The components are mixed in a Lödige-type high-speed paddle mixer for at least three minutes at a speed of 1500 rpm. The mixture is made based on the proportions indicated in the formula.
As an option, and in order to reduce the particle size to less than 1 mm, choppers may be set to between 1500 and 3000 rpm during the last minute of the mixing. The mixture is then emptied from the mixer on to a <1 mm sieve to be sifted until the product is left with a particle size distribution of 40% or less per a 200 micron sifter, and 100% percent passage through a 1 mm sifter. The sifted product is mixed with the amount of encapsulation coadjuvants selected, preferably in not more than 0.5% by weight of the final mixture. This is subsequently followed by the automatic encapsulation, into vegetable capsules, and their bottling and packing process.
The effective dosage, both for males as well as for females, is one 500 mg capsule in the morning and another at either lunch or dinner, that is, a total of 2 (two) capsules daily. However, there are volunteers who only require one capsule per day, while others double the dosage when they engage in excesses that are often the triggering factors of episodes of heartburn, like in the case of abundant meals and/or excess alcohol intakes. Dosage units should be preferably administered before meals, specifically at least 30 to 90 minutes before lunch, and preferably 30 to 60 minutes before lunch.

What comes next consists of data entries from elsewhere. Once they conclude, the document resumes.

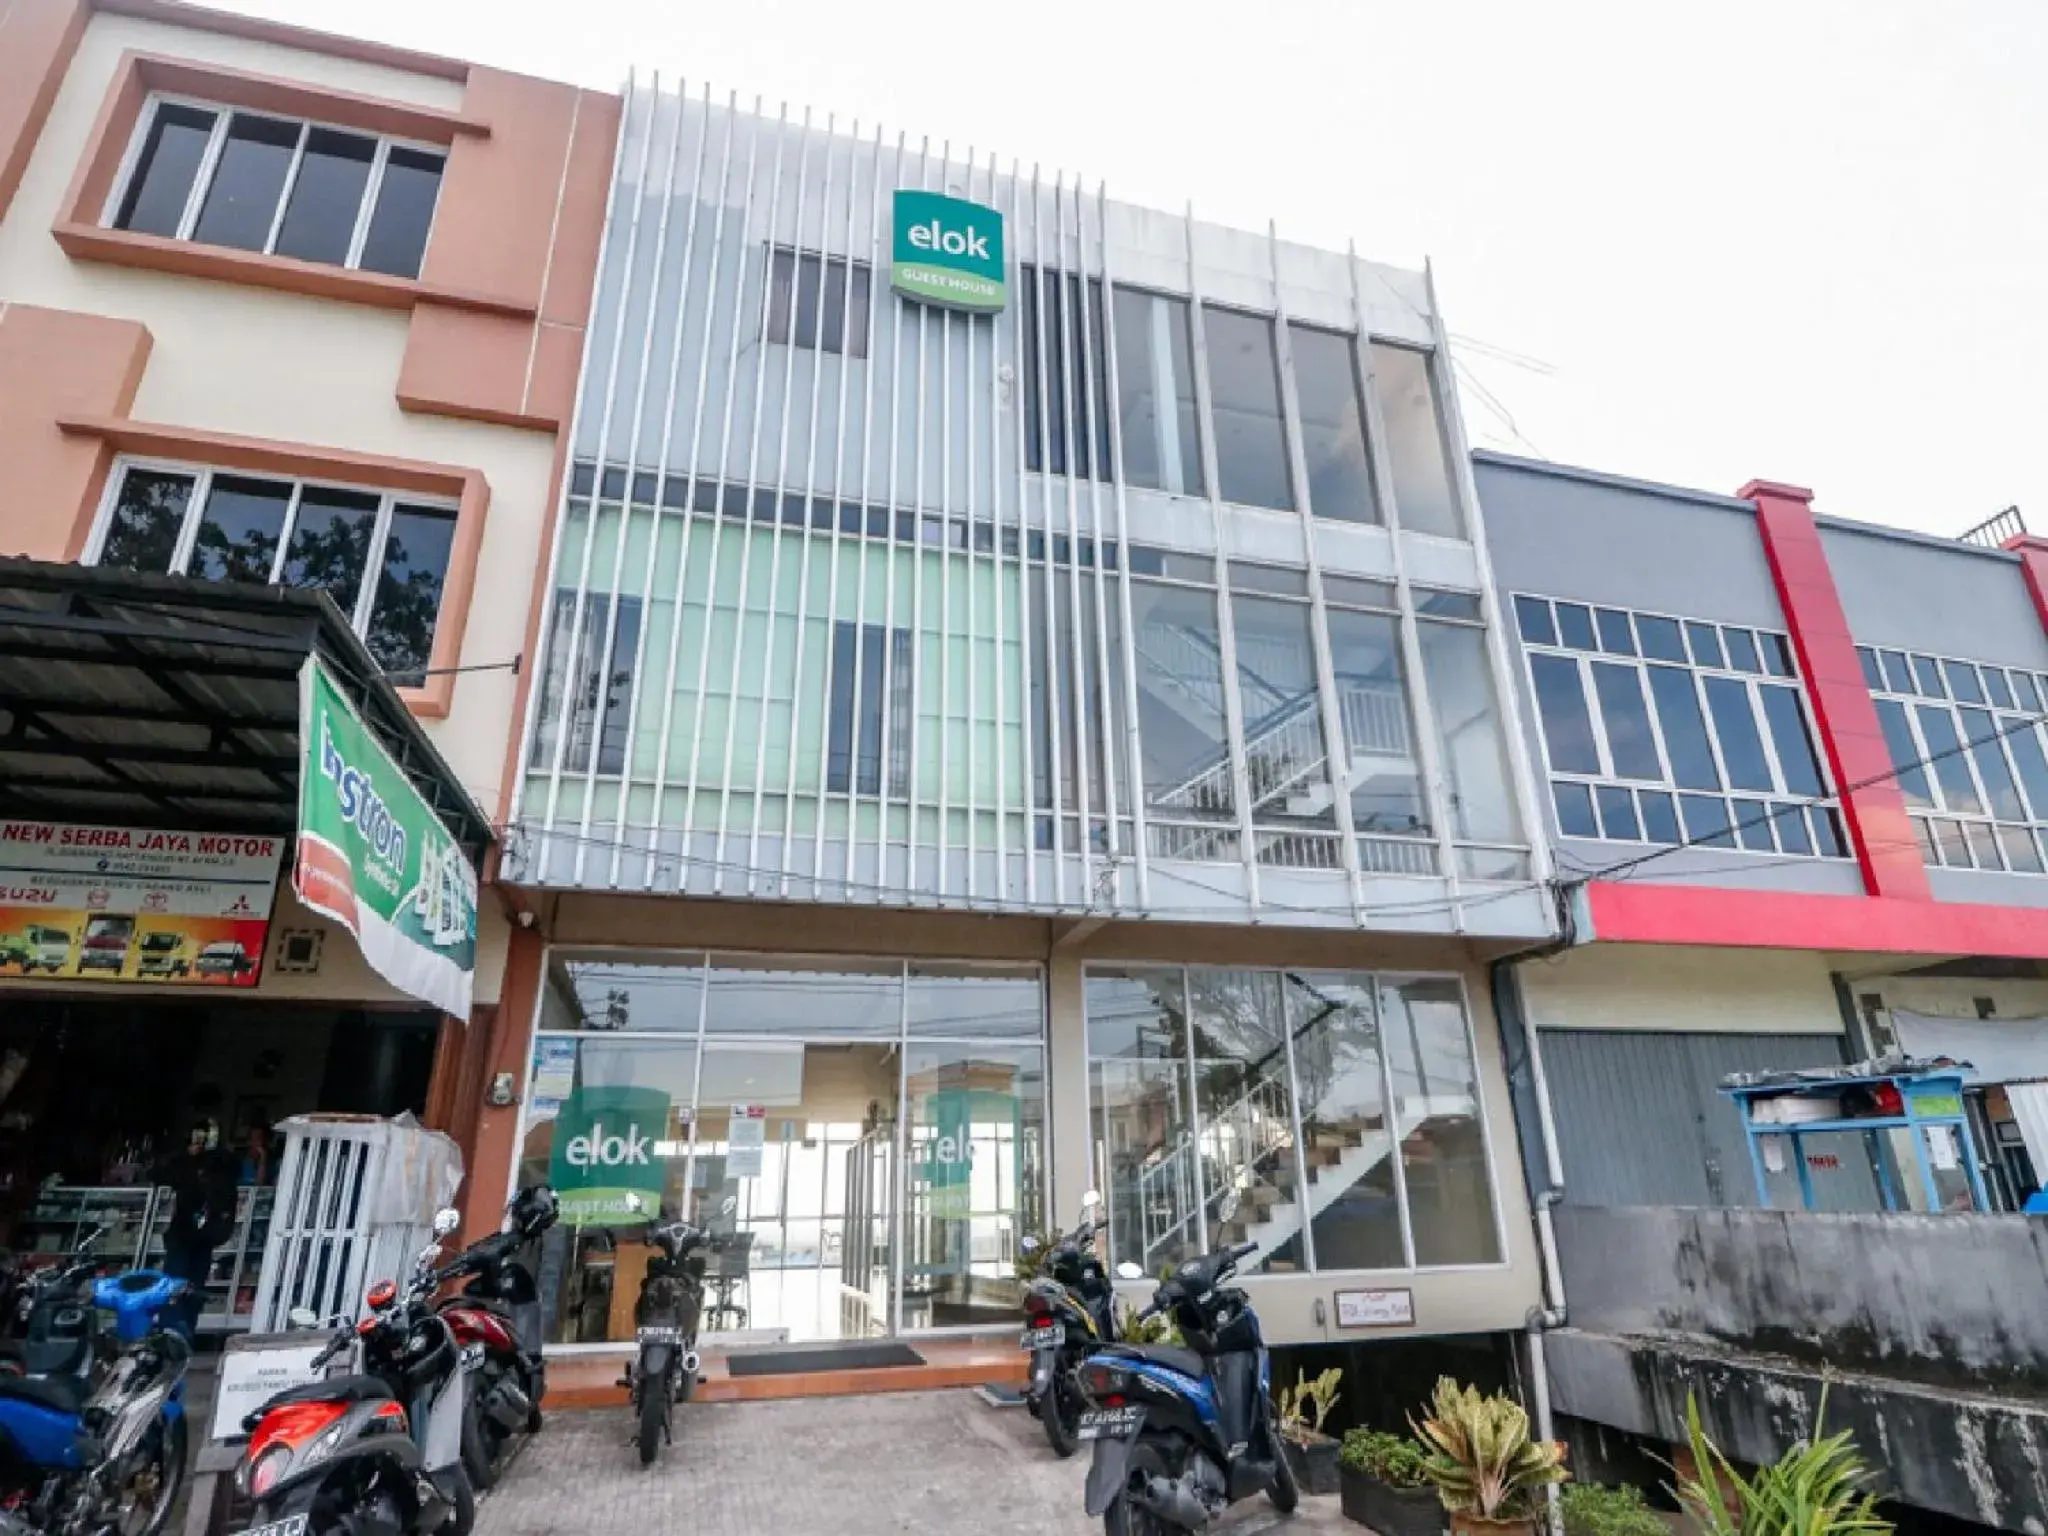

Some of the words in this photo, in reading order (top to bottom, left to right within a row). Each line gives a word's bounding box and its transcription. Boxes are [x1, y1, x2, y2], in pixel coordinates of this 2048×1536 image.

[908, 218, 990, 260] elok
[901, 268, 947, 287] GUEST
[948, 278, 996, 296] HOUSE
[321, 709, 406, 877] stron
[2, 824, 55, 844] NEW
[60, 828, 131, 848] SERBA
[138, 832, 190, 853] JAYA
[198, 837, 274, 856] MOTOR
[566, 1122, 652, 1165] elok
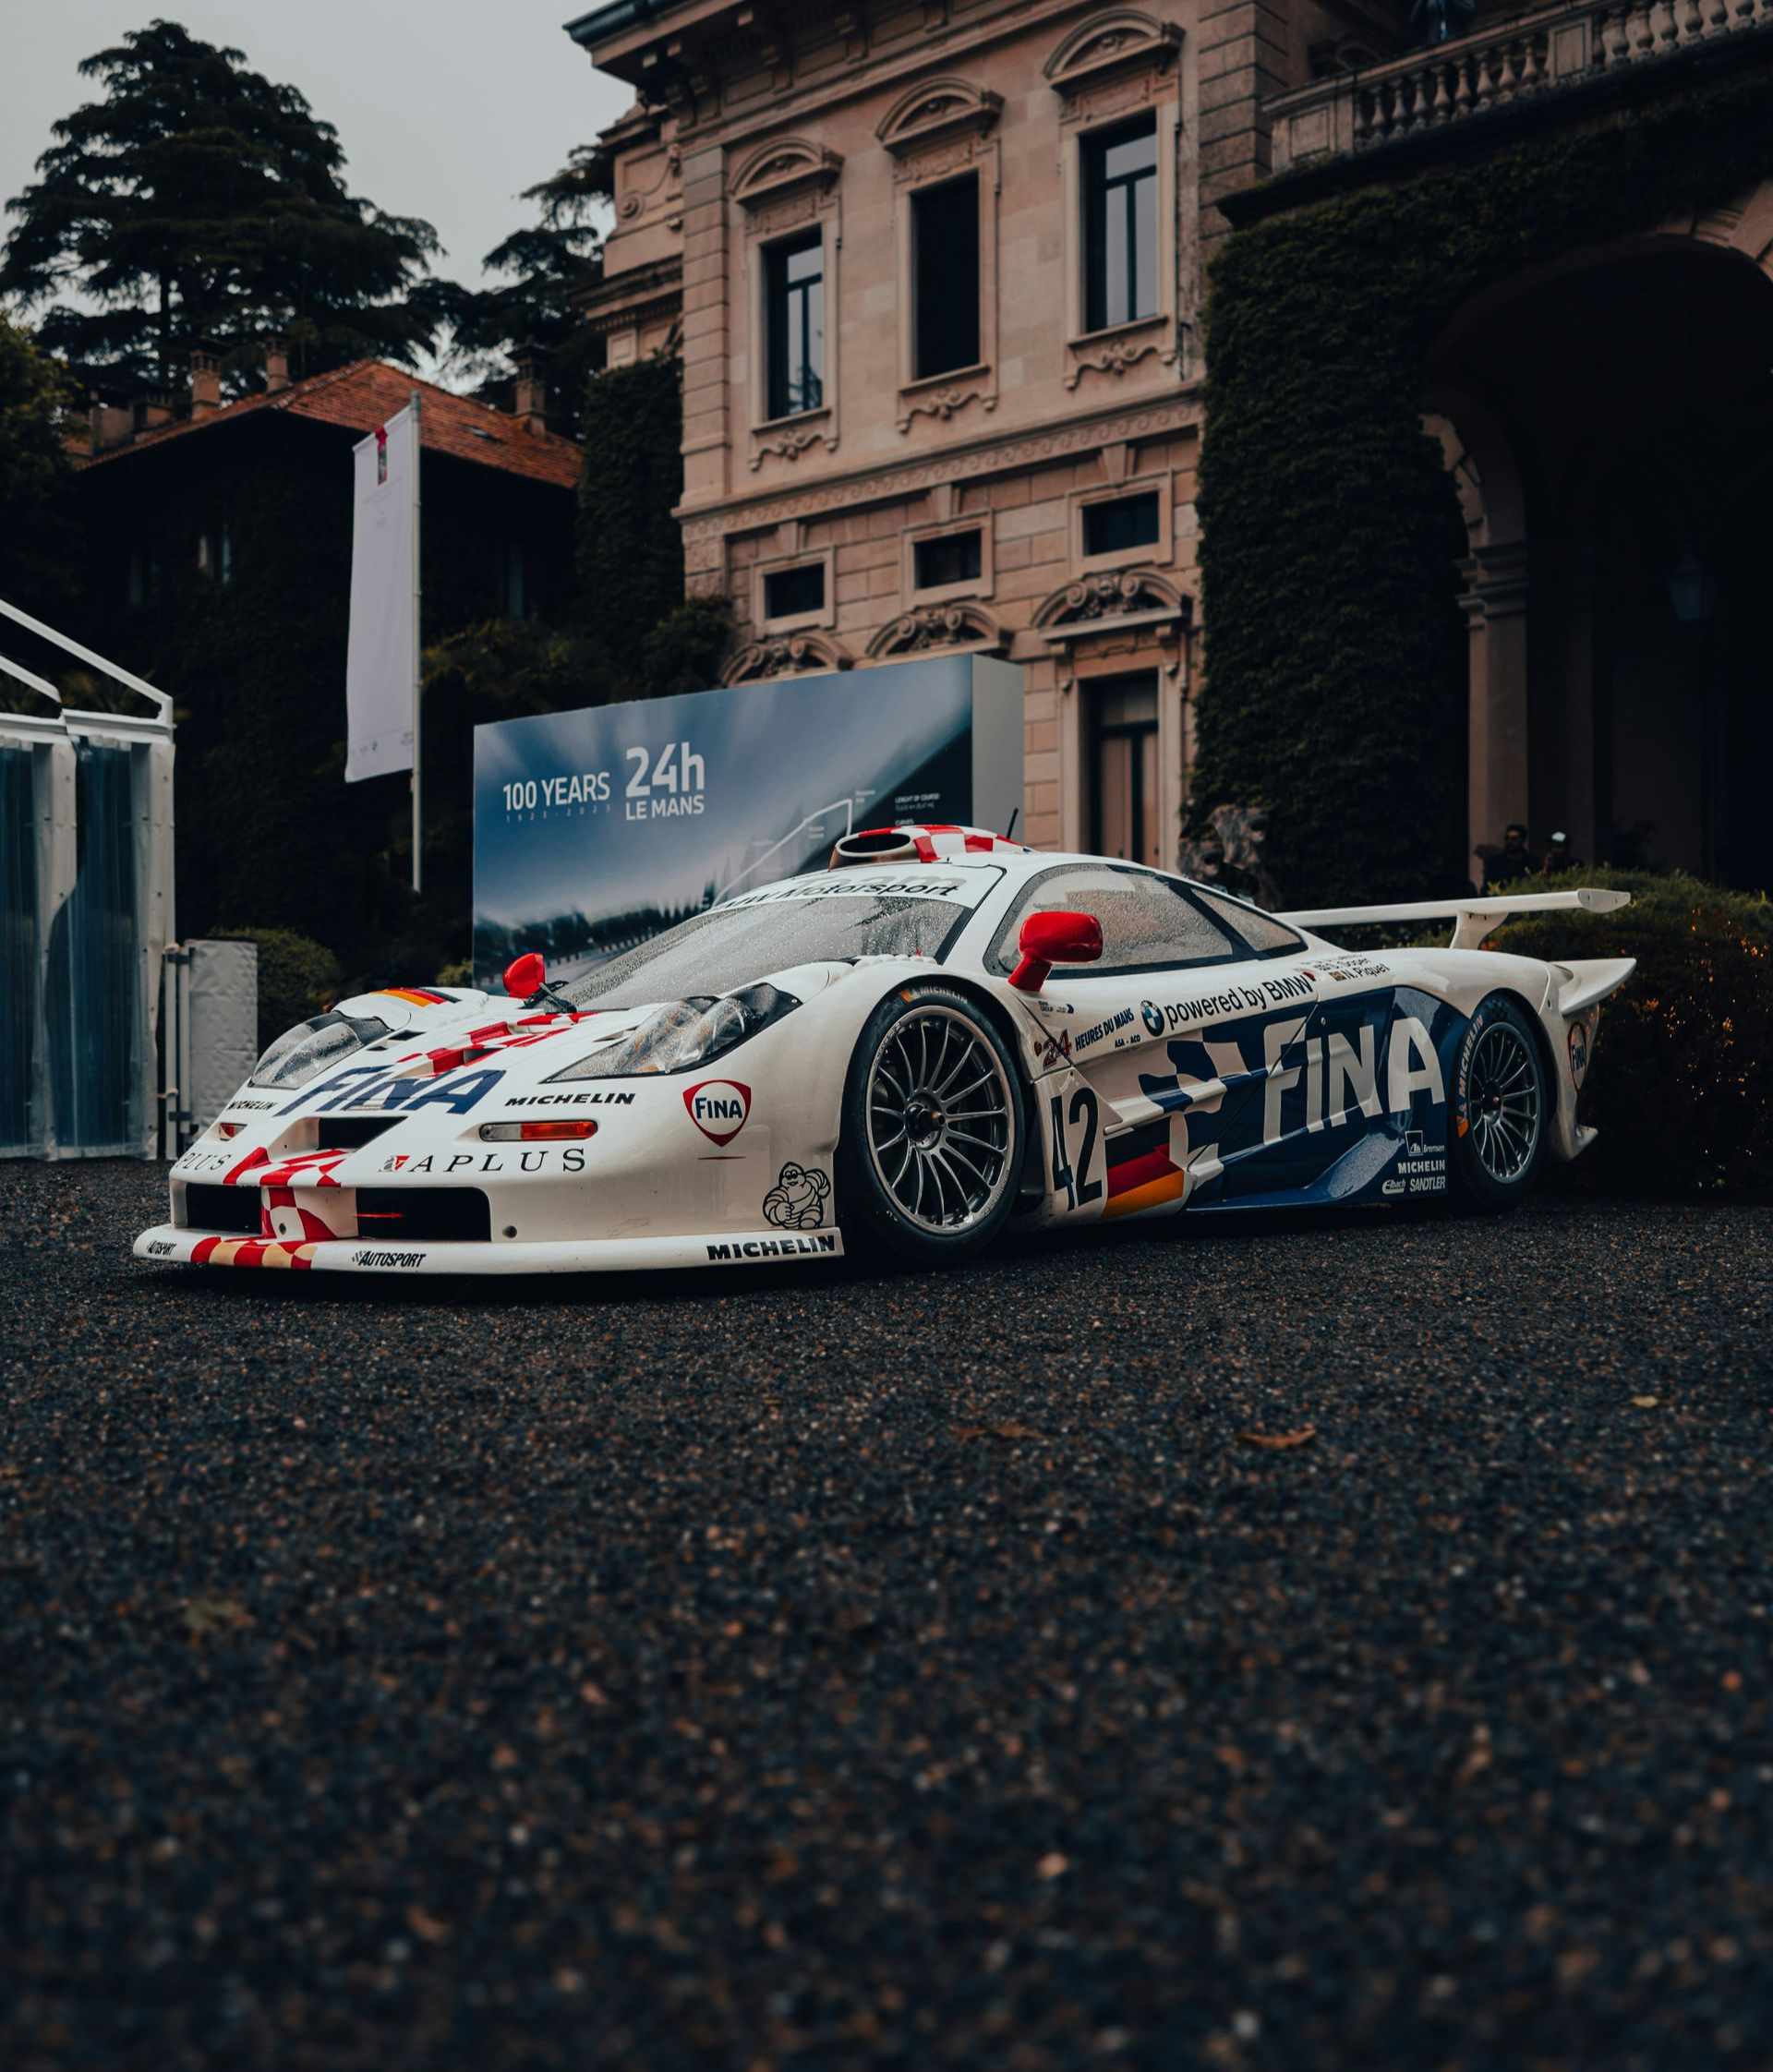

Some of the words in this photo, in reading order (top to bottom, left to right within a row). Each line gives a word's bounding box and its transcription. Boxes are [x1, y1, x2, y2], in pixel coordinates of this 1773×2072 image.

[626, 741, 705, 798] 24h
[503, 781, 537, 812] 100
[541, 772, 610, 807] YEARS
[626, 801, 646, 821] LE
[651, 794, 705, 818] MANS
[775, 884, 960, 899] Motorsport
[919, 986, 968, 1005] MICHELIN
[1164, 988, 1244, 1030] powered
[1237, 987, 1267, 1010] by
[1261, 974, 1314, 1002] BMW
[1075, 1026, 1104, 1052] HEURES
[1103, 1018, 1115, 1036] DU
[1114, 1007, 1135, 1030] MANS
[1115, 1039, 1126, 1048] ASA
[1130, 1034, 1140, 1044] ACO
[1043, 1028, 1072, 1071] 24
[1458, 1014, 1484, 1098] MICHELIN
[274, 1065, 507, 1117] FINA
[1263, 1017, 1445, 1145] FINA
[503, 1092, 636, 1107] MICHELIN
[694, 1096, 743, 1120] FINA
[407, 1148, 586, 1174] APLUS
[1052, 1088, 1103, 1212] 42
[1397, 1159, 1446, 1175] MICHELIN
[1409, 1175, 1446, 1192] SANDTLER
[359, 1250, 427, 1268] AUTOSPORT
[707, 1235, 836, 1260] MICHELIN

The compositions of the invention continue to have equal effectiveness over time. The oldest samples that have been kept as reference samples for over two (2) years have been administered in blind trials to various subjects without there being significant differences as regards their effectiveness and action. Analytical study of the old samples shows the concentration of butyric acid to be of the same significance as that of the original. Nevertheless, there is evidence of a change in allicin concentration towards other more stable derivative products (s-allylcisteine and s-allylmercaptocisteine). These data concur with the data from other researchers on what is referred to as "aged garlic extract" or "AGE"38
Examples of studies using volunteers
The invention has been tested on close to 120 volunteers who were undergoing chronic treatments with PPIs, H2 antagonists or antacids and up to the present, the results have been mostly positive. Most of the volunteers were able to replace their medication based on PPIs, H2 antagonists and antacids. Many of them noticed an increase in their quality of life and they reported that the new product (in the proposed formulations) allowed them to once again ingest moderate amounts of alcohol, spicy foods and other foodstuffs that, under normal conditions, would have caused symptoms of stomach malaise and pain. A high percentage of volunteers also reported improvements in intestinal comfort, especially in bowel movement, something that was not occurring while on other medications. Many subjects reported that the use of the product helped them achieve better digestion of their meals, allowing them to increase quantity without suffering indigestions or heartburn.
An efficiency and replacement pilot blind study was carried out in a group of volunteers. For a period of 12 months, volunteers were chosen preferably from among those with a clinical history that included diagnosis of GERD, chronic heartburn, esophagitis or any of their symptoms outlined above. Likewise, volunteers also suffering from lower digestive system dysbiosis, like colitis, ulcerous colitis, spasmodic colitis, or Crohn's disease, were assessed. The volunteers were subdivided based on the medications they used for their symptoms: none, antacids, H2 antagonists and PPIs. The study was done on 50 adult individuals: 35 men and 15 women, with ages ranging between 31 and 73 years old, with an average of 52 ± 7 (SD).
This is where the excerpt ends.